Por outro lado, os judeus Muʿtazilitas judeus preservaram uma camada anterior da literatura Baṣran Muʿtazilite, ou seja, numerosos escritos de ʿAbd al-Jabbār, muitos dos quais são conhecidos apenas por título, incluindo comentários de ʿAbd al-Jabbār em uma obra de Abū Hāshim al-Jubbāʾī na filosofia natural e em um texto teológico de Ibn ʿAbbād. Além disso, foram preservados extensos fragmentos do que parece ter sido um summa teológico volumoso por Ibn ʿAbbād, bem como um trabalho sobre filosofia natural de ʿAbd Allāh b. Saʿīd al-Labbād, outro estudante importante de 'Abd al-Jabbār, cujas obras logo caíram no esquecimento entre os zaydī Muʿtazilites.

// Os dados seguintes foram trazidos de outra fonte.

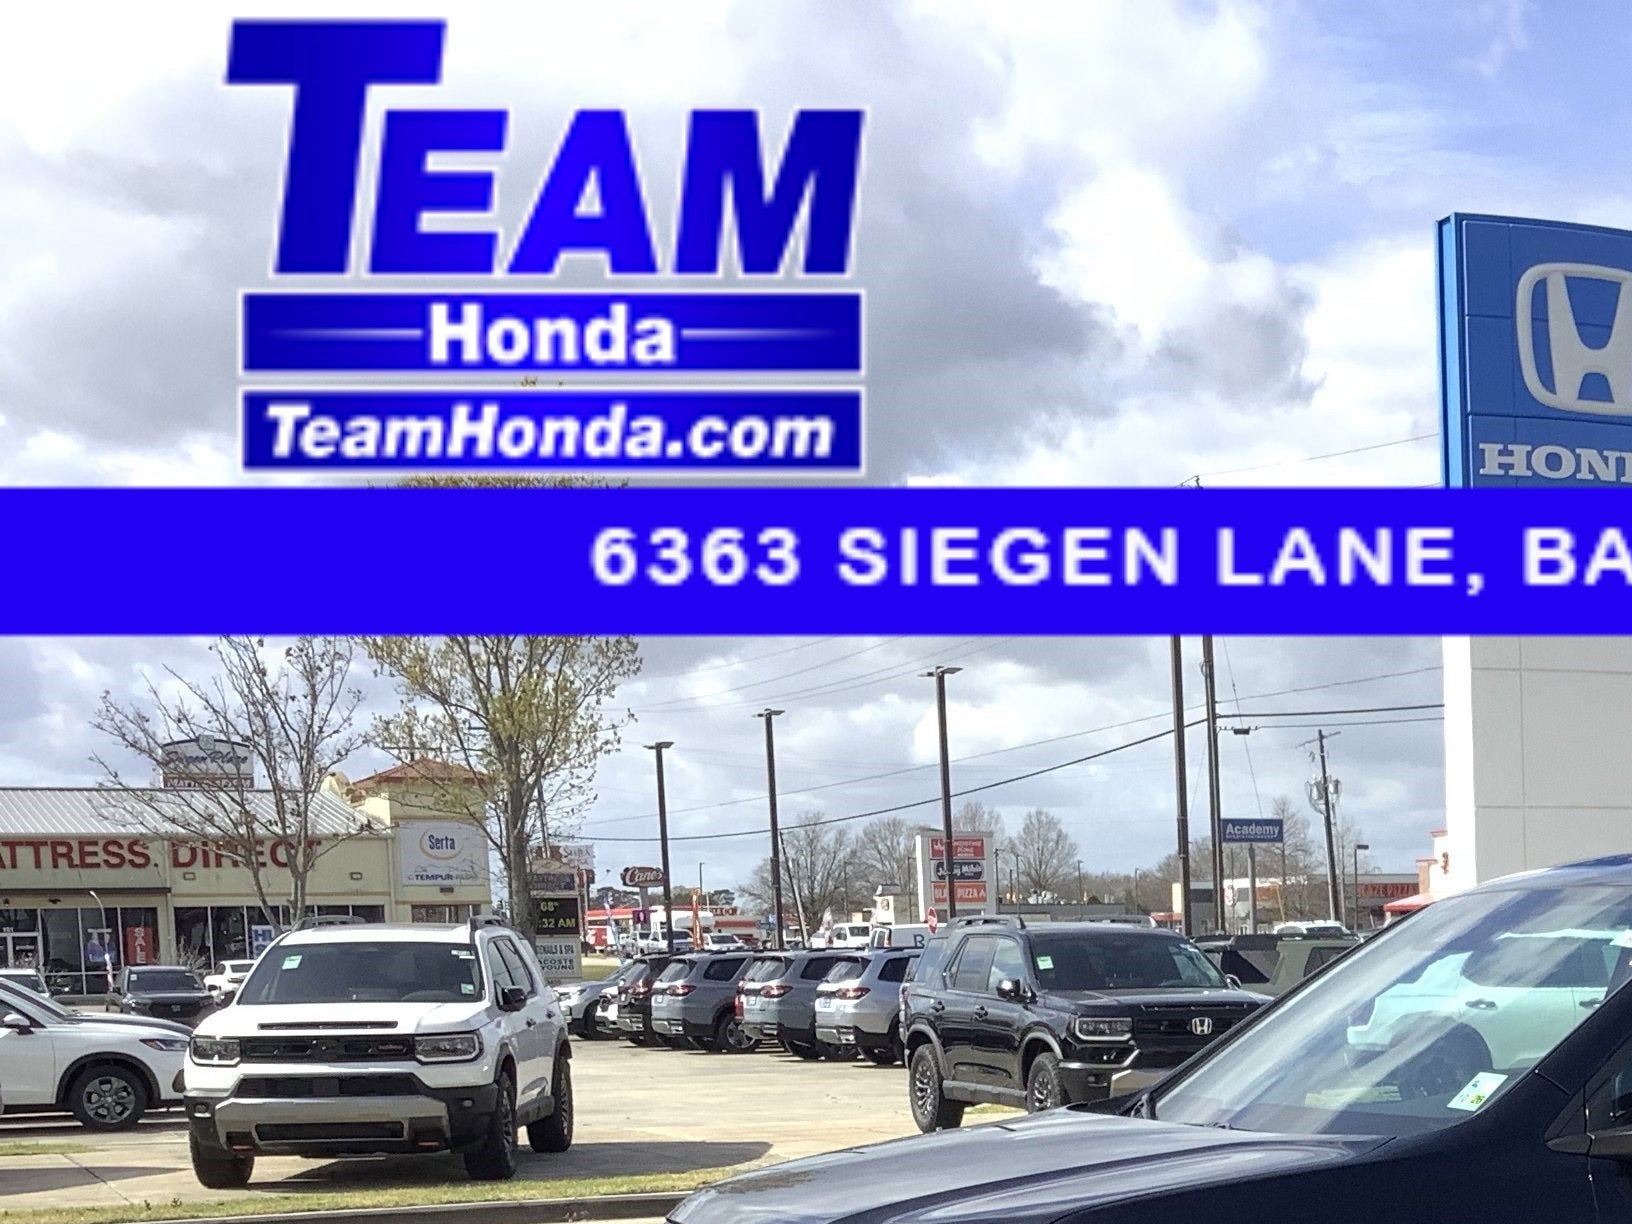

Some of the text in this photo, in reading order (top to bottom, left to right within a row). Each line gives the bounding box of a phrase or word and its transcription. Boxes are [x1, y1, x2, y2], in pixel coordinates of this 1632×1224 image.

A título ilustrativo, vou me referir brevemente ao caso da soma teológica de Ibn Abbād, possivelmente seu Kitāb Nahj al-sabīl fī l-usūl al-dīn , O Livro do Procedimento ao Longo do Caminho sobre os Princípios [da Religião] . Fontes históricas islâmicas nos informam que Ibn ʿAbbād havia composto obras teológicas abrangentes, mas nenhuma delas foi preservada no mundo islâmico. Até agora, possuímos apenas alguns trechos teológicos concisos que parecem ter sido escritos como introduções à doutrina da escola. O fato de ele ter sido amplamente lido dentro dos círculos muçulmanos judeus é evidente a partir de dois extensos fragmentos de um resumo teológico dele, ambos escritos em caracteres hebraicos. Diferentemente dos folhetos concisos que são preservados nas coleções islâmicas, esses fragmentos (que agora estão disponíveis na edição crítica) mostram claramente que al-Sāhib não era apenas um adepto do Muʿtazila, mas também um teólogo. Além disso, como sugeri antes, seus escritos podem ter desempenhado um papel decisivo na formação da Muʿtazila judaica.

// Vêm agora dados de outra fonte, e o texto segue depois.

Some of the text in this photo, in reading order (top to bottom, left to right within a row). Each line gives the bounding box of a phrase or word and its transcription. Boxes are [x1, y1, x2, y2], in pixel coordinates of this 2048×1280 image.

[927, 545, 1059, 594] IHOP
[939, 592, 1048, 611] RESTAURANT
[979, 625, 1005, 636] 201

Este exemplo - um dentre muitos - também ilustra o que os estudantes da história intelectual muçulmana podem obter ao procurar material relevante além das estritas fronteiras denominacionais. A investigação acadêmica do judeu Muʿtazila, sua conexão histórica com os muçulmanos e uma exploração sistemática dos materiais primários islâmicos preservados nas coleções judaicas ainda estão na infância. Enquanto representantes da "Wissenschaft des Judentums" ("Ciência do judaísmo") no final do século XIX e início do século XX, como David Kaufmann, Martin Schreiner ou Arthur Biram, estavam cientes desse importante episódio. do regime nazista na Alemanha e na Segunda Guerra Mundial pôs fim a essa tentativa inicial de estudar muçulmanos e judeus muçulmanos como parte integrante de um único fenômeno intelectual e analisar as relações históricas entre eles. Só mais tarde os estudiosos dos estudos judaico e islâmico “redescobriram” esse importante campo e uniram forças para trabalhar nos materiais relevantes.